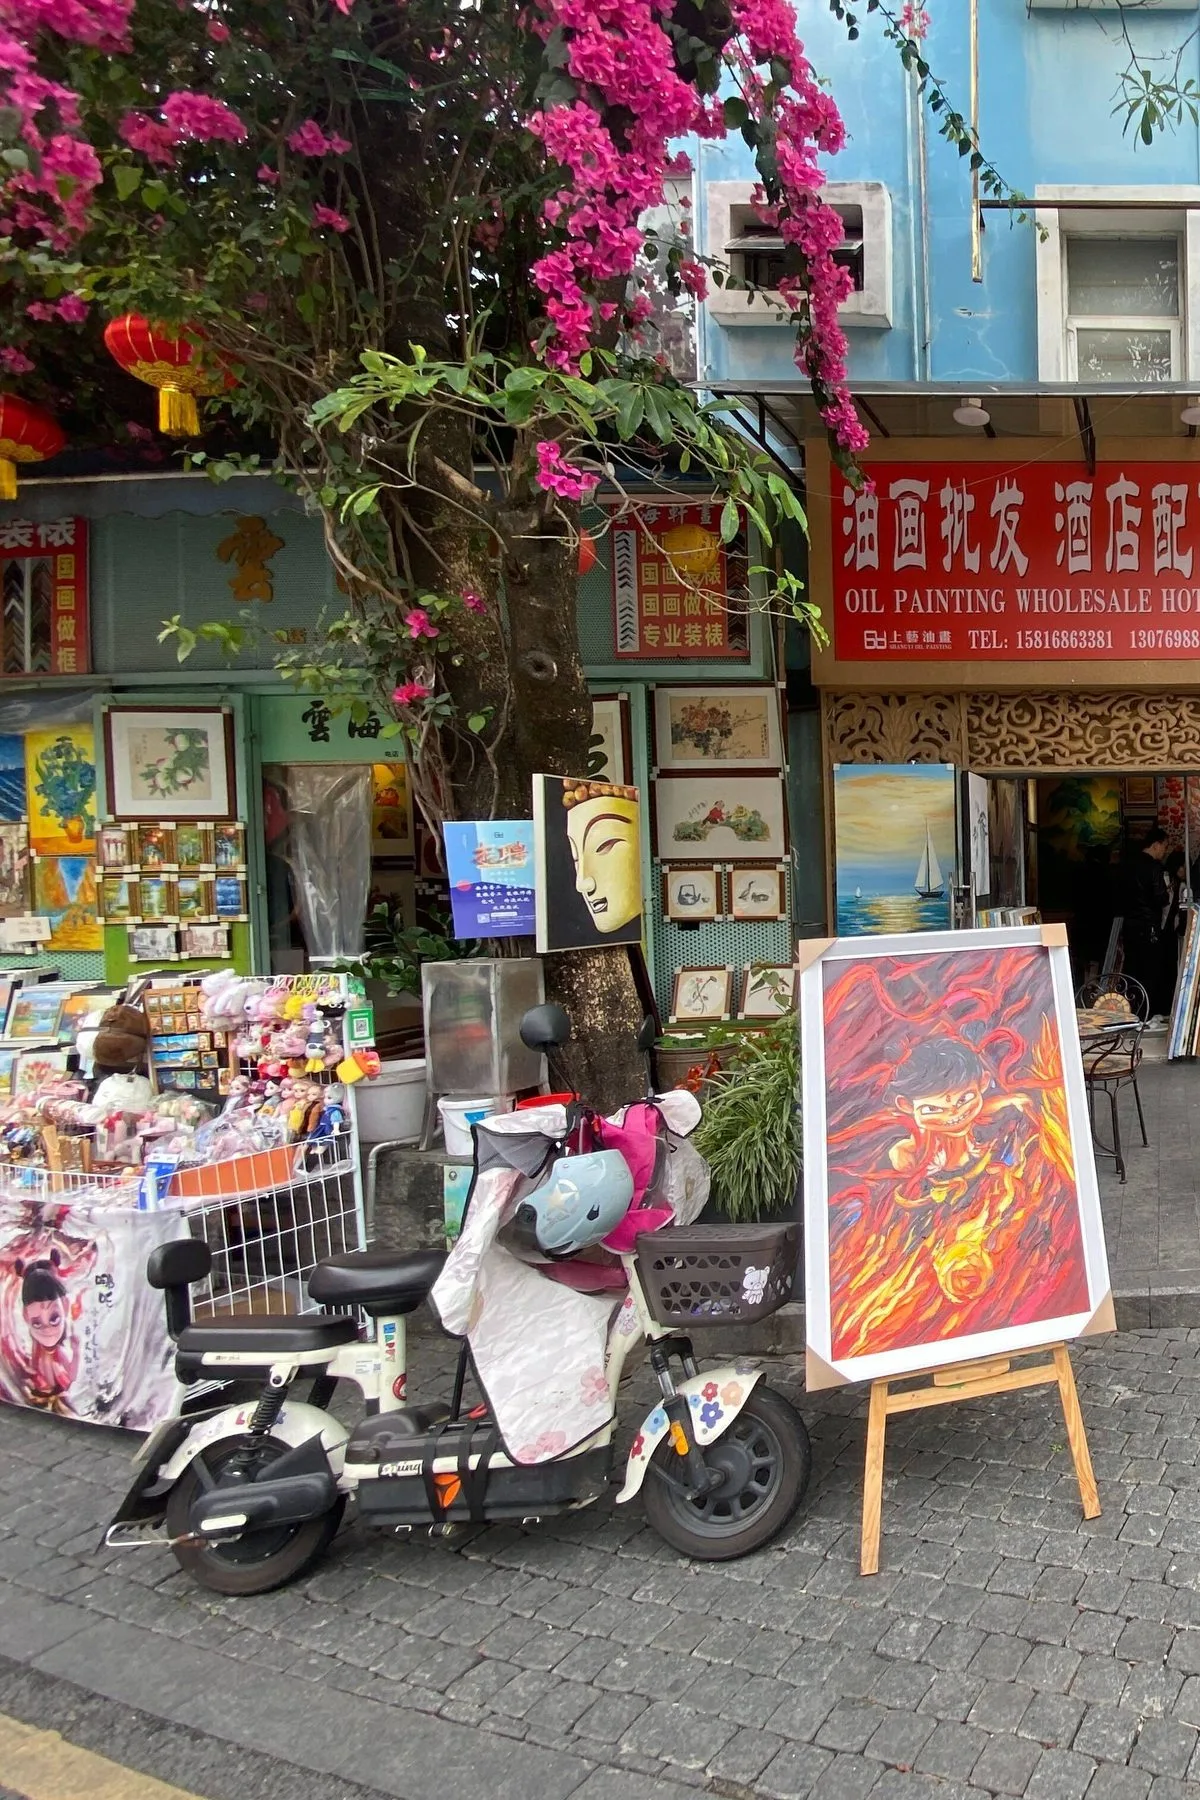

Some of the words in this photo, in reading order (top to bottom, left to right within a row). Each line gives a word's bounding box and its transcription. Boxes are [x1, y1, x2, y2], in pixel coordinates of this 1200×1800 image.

[842, 477, 1030, 577] 油画批发
[56, 554, 76, 673] 国画做框
[642, 593, 723, 616] 国画做框
[845, 588, 885, 614] OIL
[893, 588, 1006, 614] PAINTING
[1016, 588, 1153, 614] WHOLESALE
[643, 623, 724, 647] 专业装裱
[968, 630, 1009, 649] TEL:
[1016, 630, 1114, 649] 15816863381
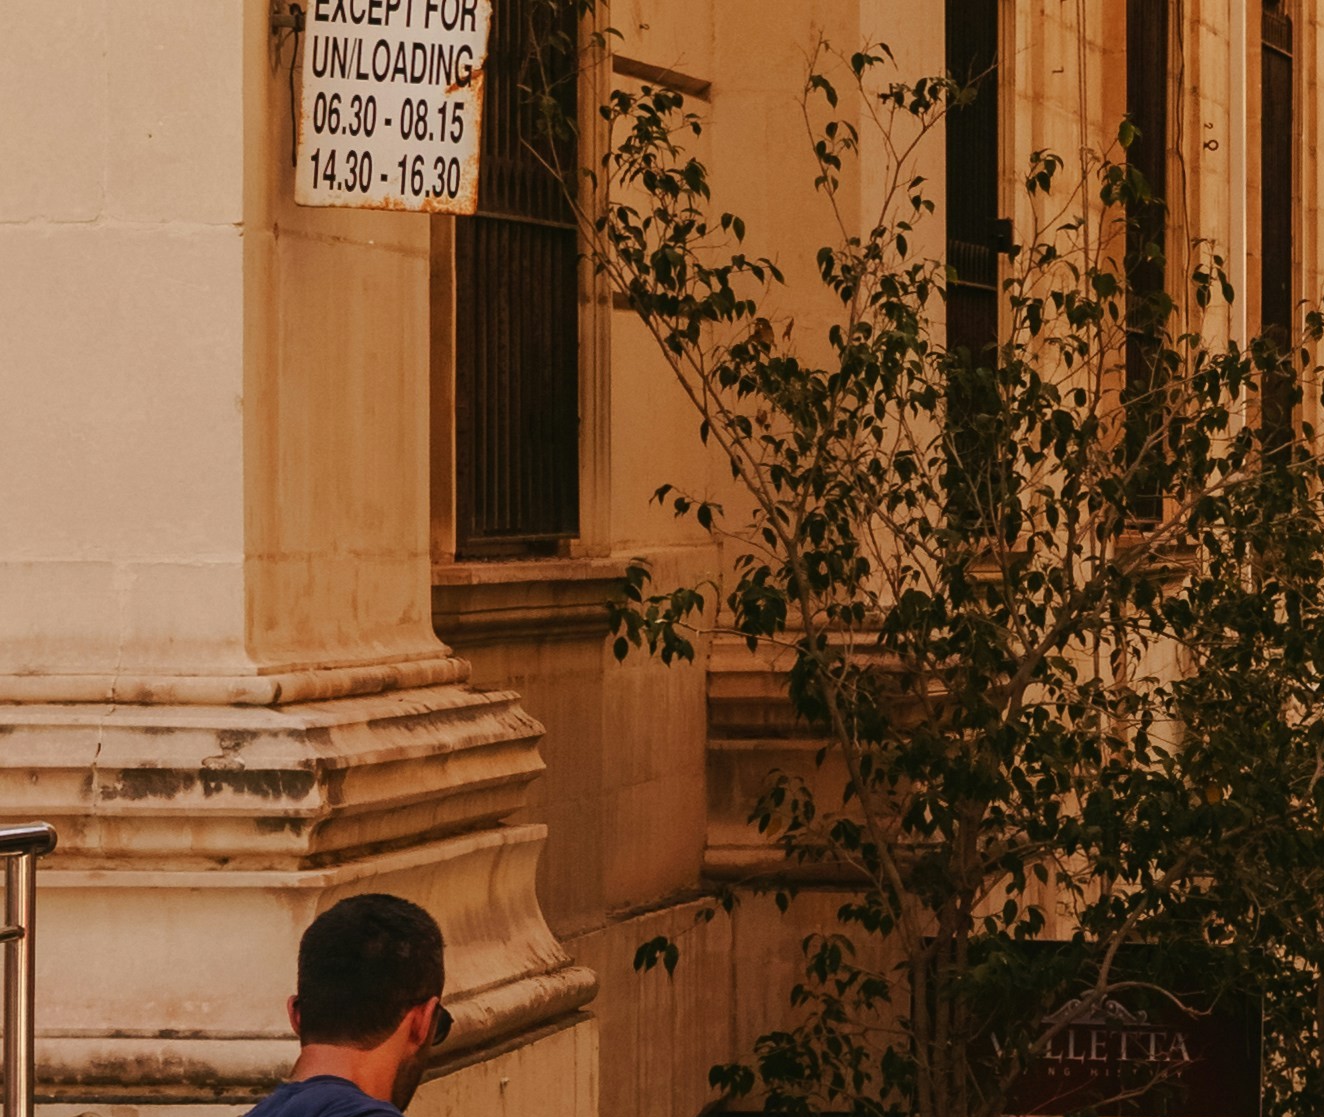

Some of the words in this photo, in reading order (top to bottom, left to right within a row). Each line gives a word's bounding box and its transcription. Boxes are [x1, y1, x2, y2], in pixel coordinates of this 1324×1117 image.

[314, 0, 412, 27] EXCEPT
[424, 0, 477, 32] FOR
[312, 35, 474, 88] UN/LOADING
[313, 91, 377, 137] 06.30
[400, 97, 465, 144] 08.15
[310, 148, 373, 194] 14.30
[397, 154, 461, 199] 16.30
[990, 1030, 1193, 1064] VLLETTA
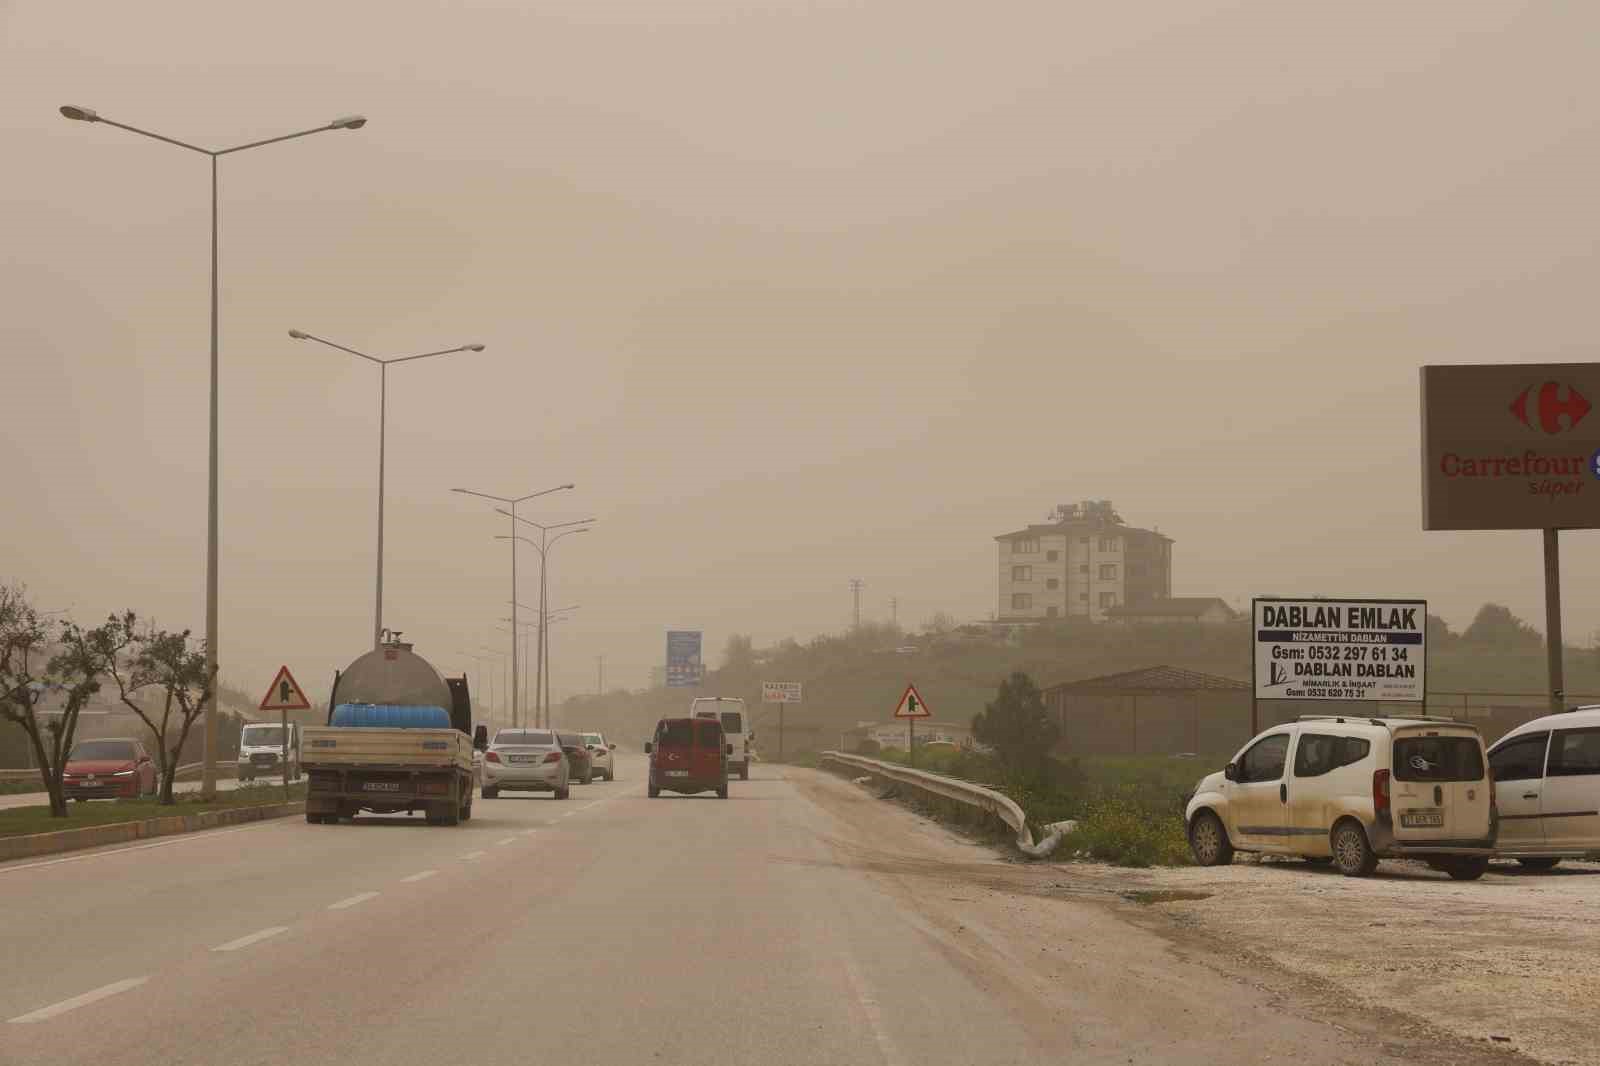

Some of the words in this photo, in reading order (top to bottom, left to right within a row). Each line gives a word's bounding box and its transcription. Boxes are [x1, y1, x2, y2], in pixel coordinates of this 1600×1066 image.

[1440, 451, 1584, 478] Carrefour
[1263, 605, 1341, 628] DABLAN
[1347, 607, 1417, 630] EMLAK
[1350, 633, 1388, 643] DABLAN
[1271, 645, 1305, 660] Gsm:
[1308, 646, 1340, 660] 0532
[1343, 646, 1368, 661] 297
[1372, 647, 1387, 661] 61
[1391, 647, 1408, 662] 34
[1294, 662, 1351, 676] DABLAN
[1356, 663, 1415, 678] DABLAN
[1286, 688, 1306, 697] Gsm:
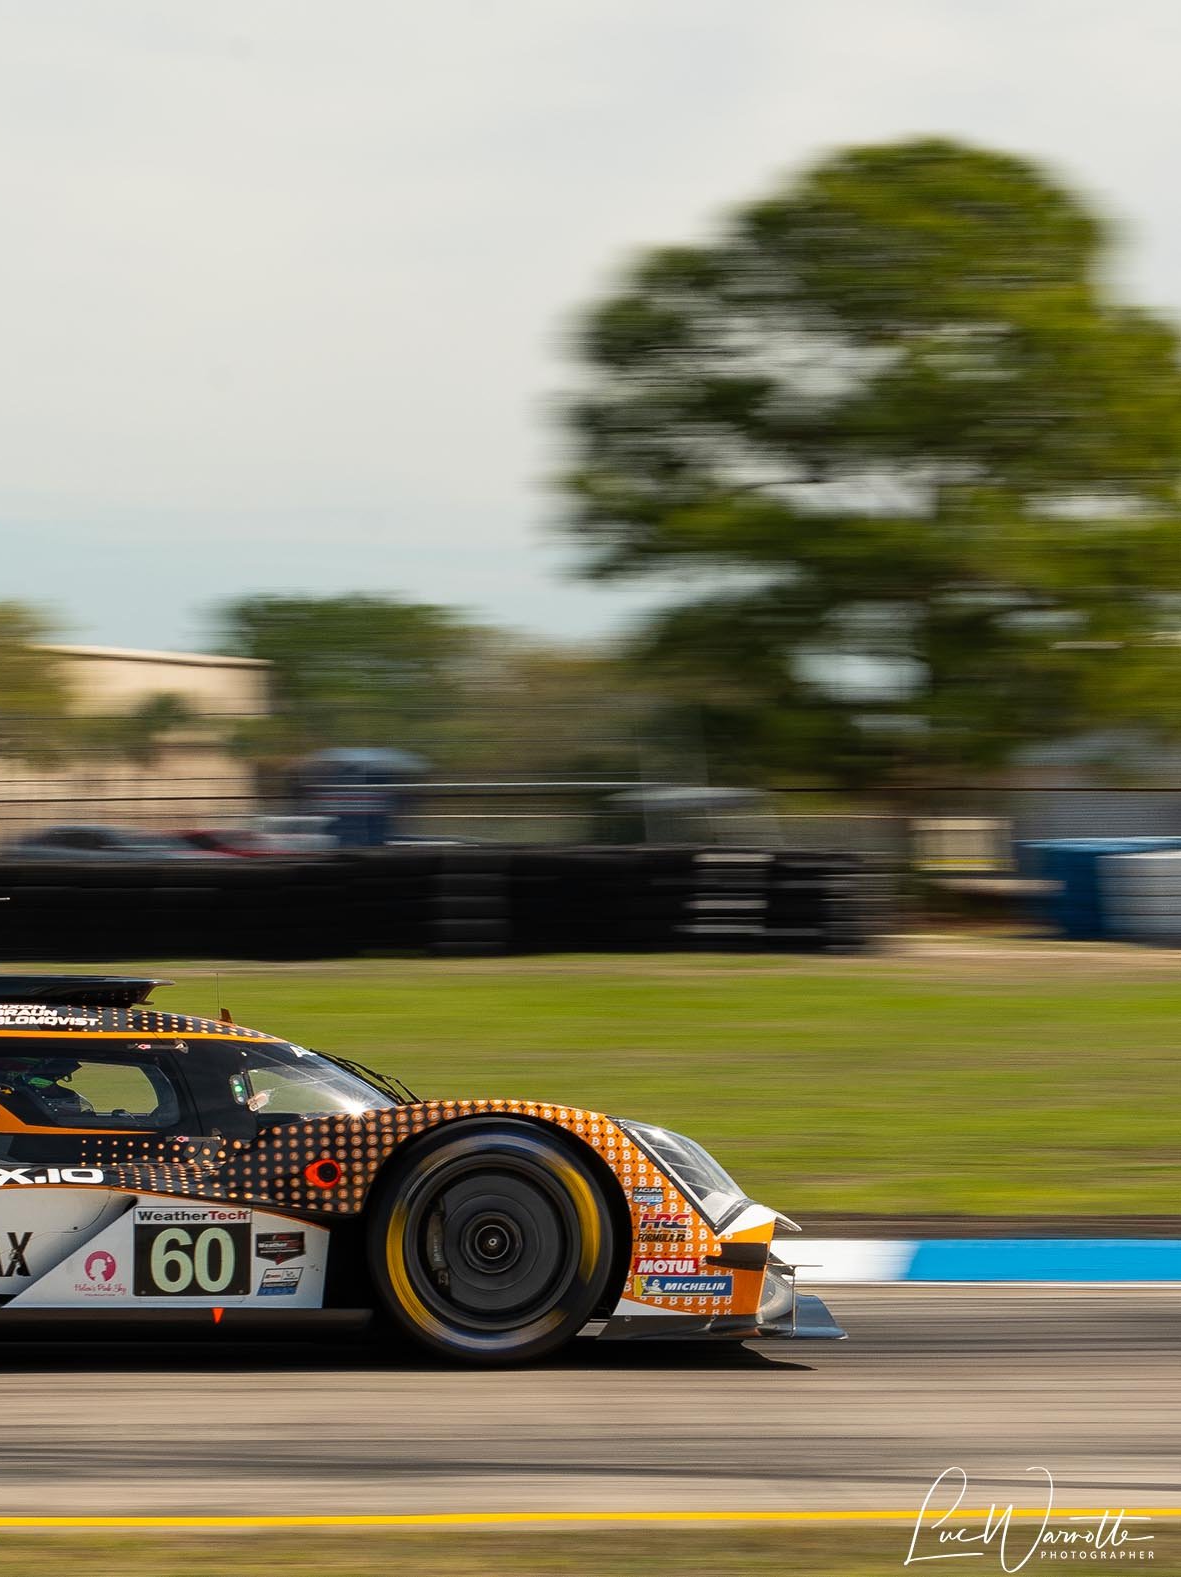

■ What you need to do
Write the material out again exactly. Skip each picture.

■ Solution for this task
Some of the words in this photo, in reading order (top to bottom, left to right within a row). Each line gives a word's bounding box and its transcription. Boxes are [x1, y1, x2, y2], in pixel coordinates of this 1200×1800 image.

[842, 477, 1030, 577] 油画批发
[56, 554, 76, 673] 国画做框
[642, 593, 723, 616] 国画做框
[845, 588, 885, 614] OIL
[893, 588, 1006, 614] PAINTING
[1016, 588, 1153, 614] WHOLESALE
[643, 623, 724, 647] 专业装裱
[968, 630, 1009, 649] TEL:
[1016, 630, 1114, 649] 15816863381

Some of the words in this photo, in reading order (top to bottom, left to right within a row). Each line gives a word's bounding box and its transcription. Boxes are [x1, y1, x2, y2], in pixel coordinates of this 1324×1117 image.

[314, 0, 412, 27] EXCEPT
[424, 0, 477, 32] FOR
[312, 35, 474, 88] UN/LOADING
[313, 91, 377, 137] 06.30
[400, 97, 465, 144] 08.15
[310, 148, 373, 194] 14.30
[397, 154, 461, 199] 16.30
[990, 1030, 1193, 1064] VLLETTA

Some of the words in this photo, in reading order (top to bottom, left to right within a row). Each line gives a word's bounding box and its transcription. Boxes are [x1, y1, x2, y2], in pixel coordinates of this 1600×1066 image.

[1440, 451, 1584, 478] Carrefour
[1263, 605, 1341, 628] DABLAN
[1347, 607, 1417, 630] EMLAK
[1350, 633, 1388, 643] DABLAN
[1271, 645, 1305, 660] Gsm:
[1308, 646, 1340, 660] 0532
[1343, 646, 1368, 661] 297
[1372, 647, 1387, 661] 61
[1391, 647, 1408, 662] 34
[1294, 662, 1351, 676] DABLAN
[1356, 663, 1415, 678] DABLAN
[1286, 688, 1306, 697] Gsm:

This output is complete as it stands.